Last week my Plant Diseases course at Merritt College in Oakland, California came
to an end. Our professor, Dr. Ann Northrup, did a fantastic job teaching the course. We learned about plant pathogens from five kingdoms or
phylum – plant, animal, fungus, bacteria, and protists (as well as viruses). We
focused on fungi and bacteria, since they are the most prevalent. We learned
about the pathogens we experience in the San Francisco Bay Area (water molds are
big). I was fascinated to learn about:
- Viruses (bits of genetic code encased in protein), which, when inserted into a plant cell, change its DNA to create a habitat for a vector (such as the oak apple gall that provides housing and food for the Oak Apple Gall Wasp).

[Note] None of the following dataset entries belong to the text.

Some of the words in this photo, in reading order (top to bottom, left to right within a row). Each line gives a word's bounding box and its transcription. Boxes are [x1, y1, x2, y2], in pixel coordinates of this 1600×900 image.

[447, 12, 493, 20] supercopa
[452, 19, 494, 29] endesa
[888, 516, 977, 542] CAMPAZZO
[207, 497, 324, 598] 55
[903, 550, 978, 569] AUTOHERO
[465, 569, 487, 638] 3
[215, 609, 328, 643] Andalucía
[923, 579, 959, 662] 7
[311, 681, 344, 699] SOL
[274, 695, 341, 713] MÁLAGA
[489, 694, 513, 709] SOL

Oak apple galls near Clear Lake, California. Genetic engineering by the Oak Apple Gall Wasp |
- The relationships between plants and pathogens (narrow and wide host ranges).

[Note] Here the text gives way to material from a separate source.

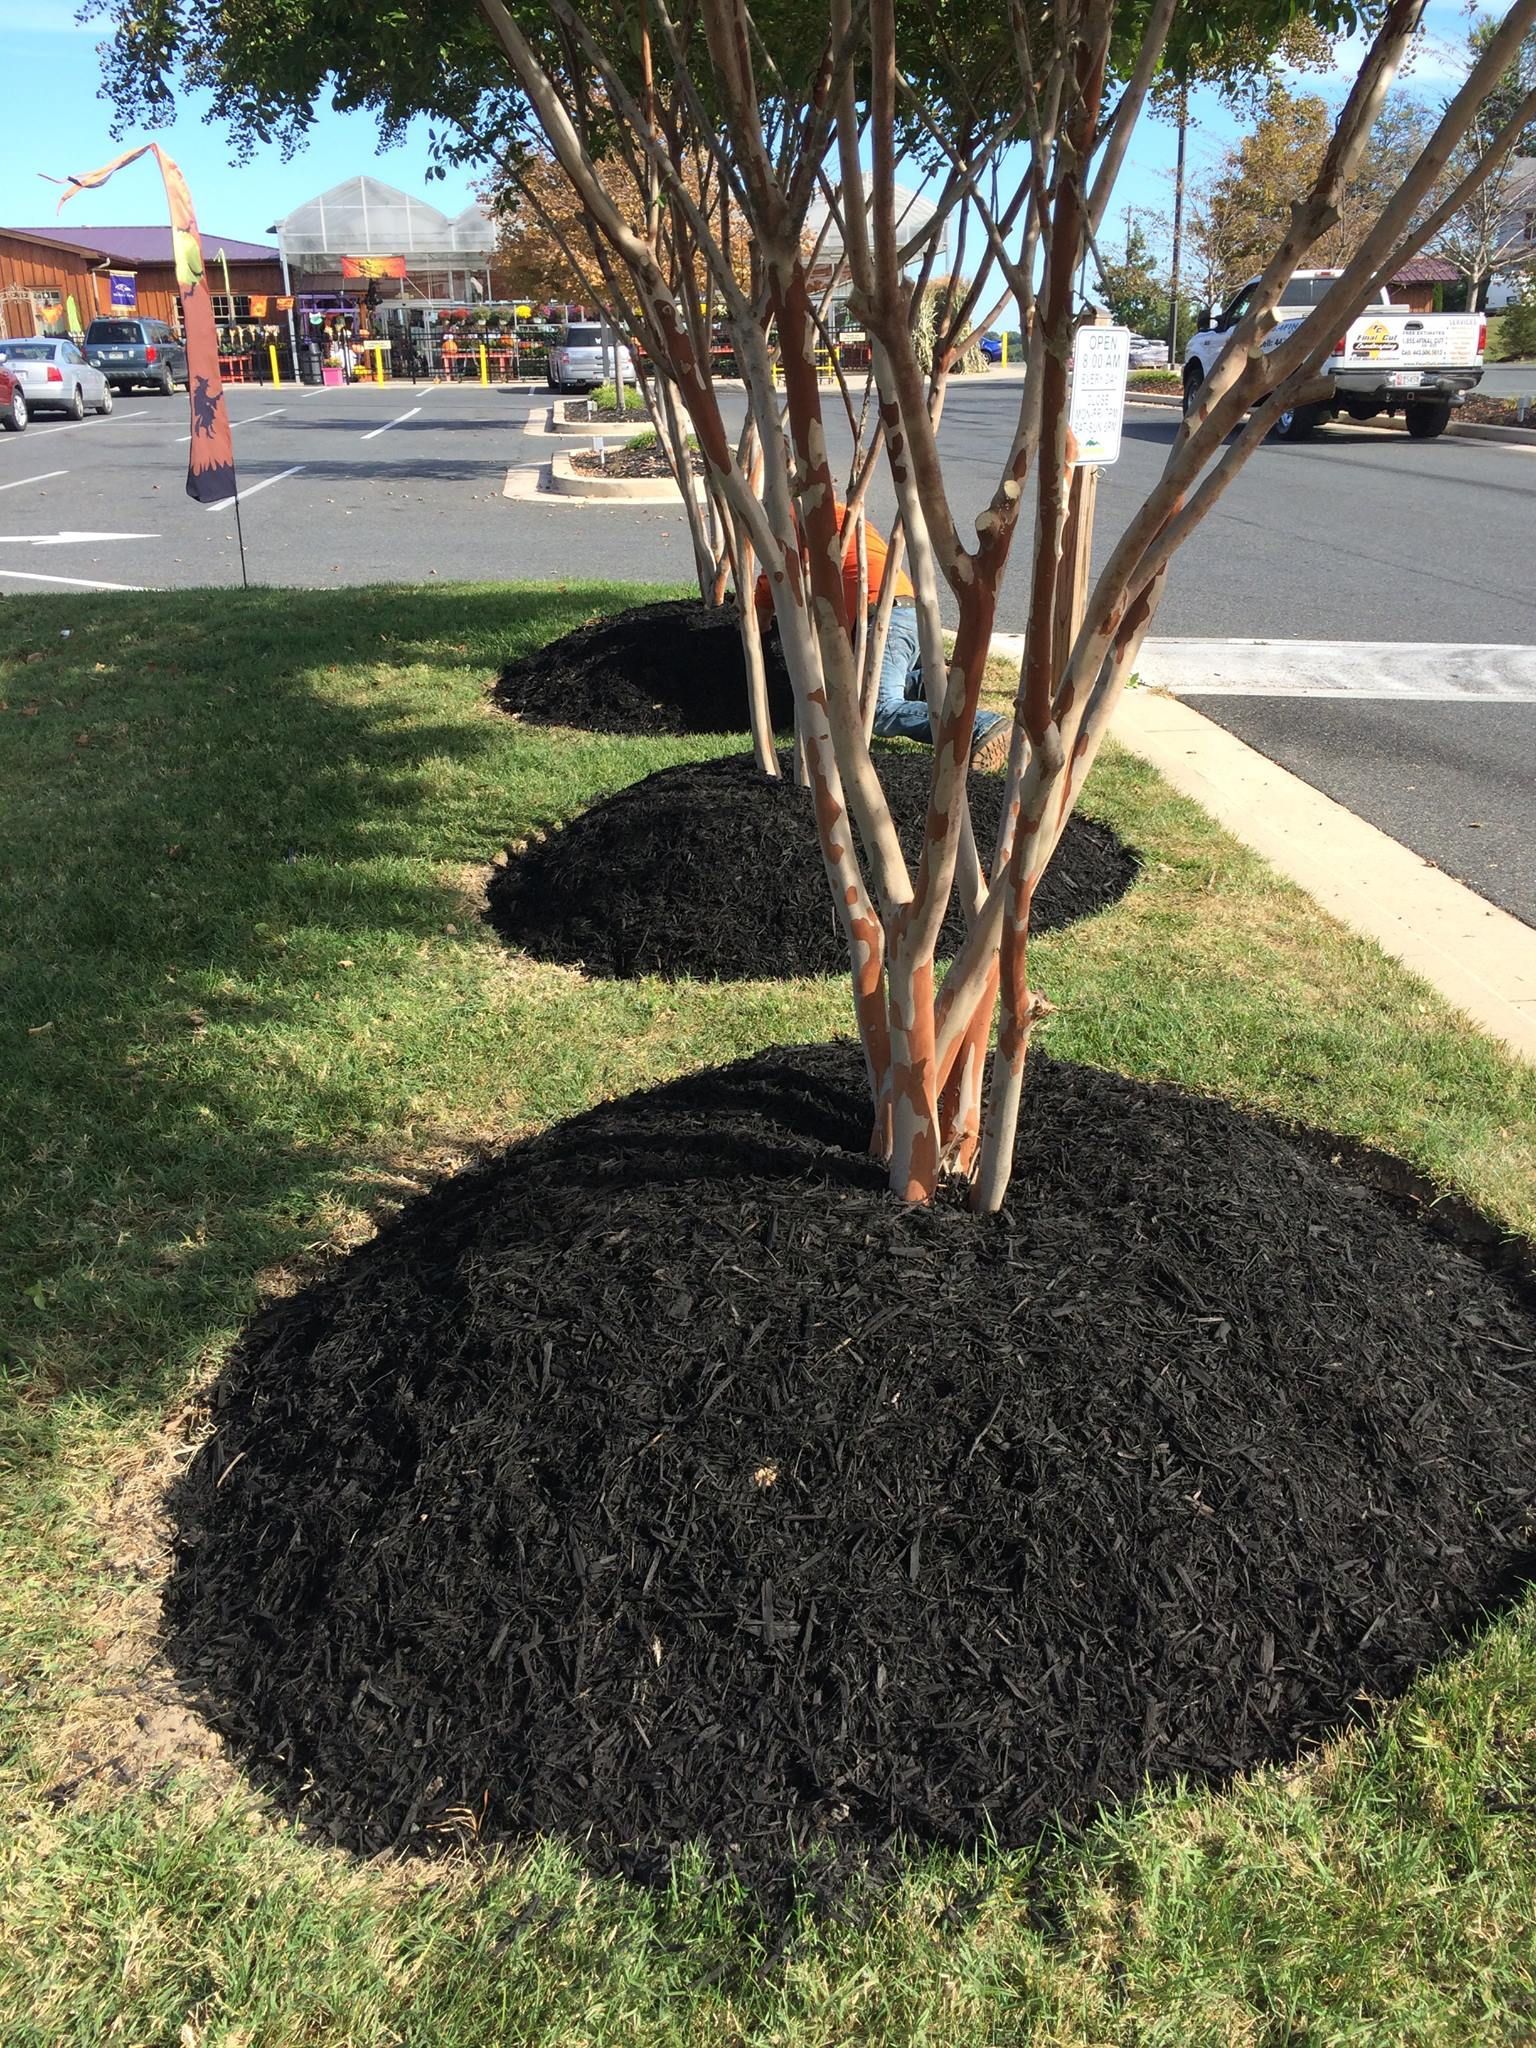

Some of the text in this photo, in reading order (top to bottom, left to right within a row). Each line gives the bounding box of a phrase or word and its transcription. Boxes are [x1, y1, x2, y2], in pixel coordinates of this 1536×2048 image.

- The native plant-pathogen arms race where each tries for supremacy and adapts in response.
- The dangers of exotic pathogens that can wreak havoc on native plants that have not been in that arms race.

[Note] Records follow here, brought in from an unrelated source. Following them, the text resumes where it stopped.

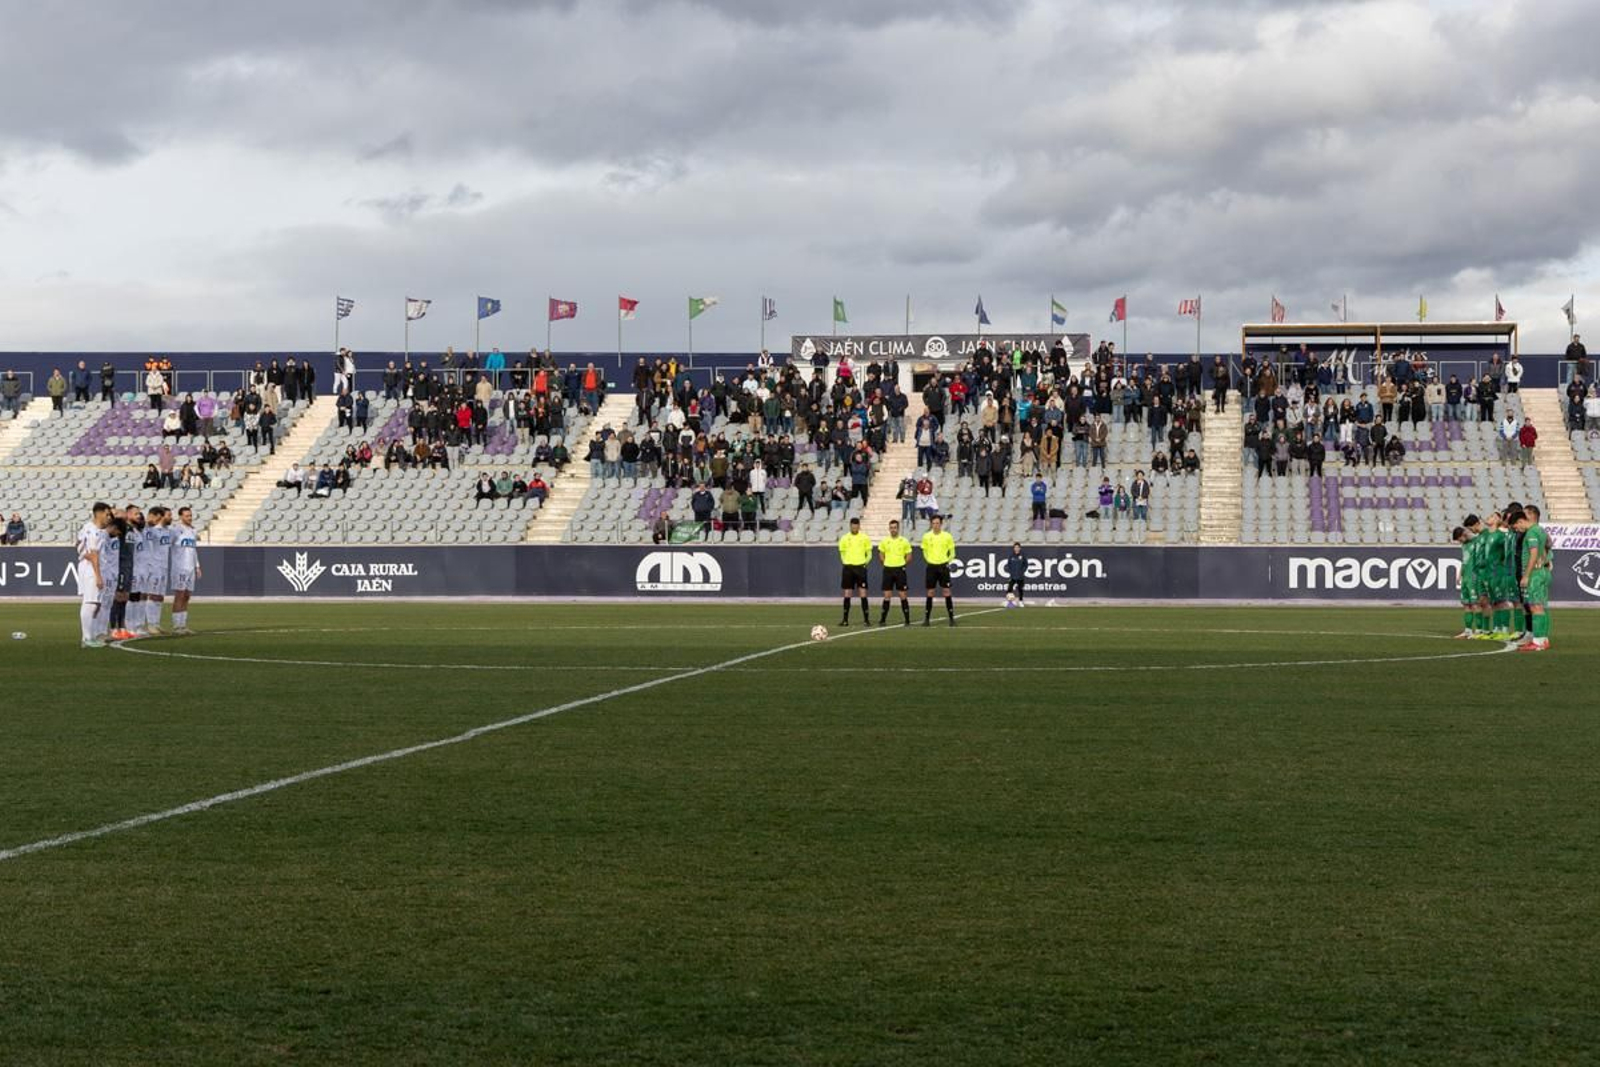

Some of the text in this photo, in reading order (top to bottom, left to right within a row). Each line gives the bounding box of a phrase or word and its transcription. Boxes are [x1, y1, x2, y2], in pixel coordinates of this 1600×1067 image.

[868, 340, 915, 355] CLIMA
[929, 342, 943, 352] 30
[331, 563, 418, 576] CAJA RURAL
[1288, 557, 1462, 590] macron
[356, 577, 392, 592] JAÉN
[1012, 582, 1068, 591] aestras

- The built-in mechanisms that plants use to fend off or work with its pathogens. Hint: caffeine and nicotine are poisons that coffee and tobacco plants use as defences against pathogens.
- The merits (and fears) of genetic engineering for ensuring food production as the world’s population soars.
- How well fungi and bacteria will thrive as the planet warms, and the threat to the food supply that will result.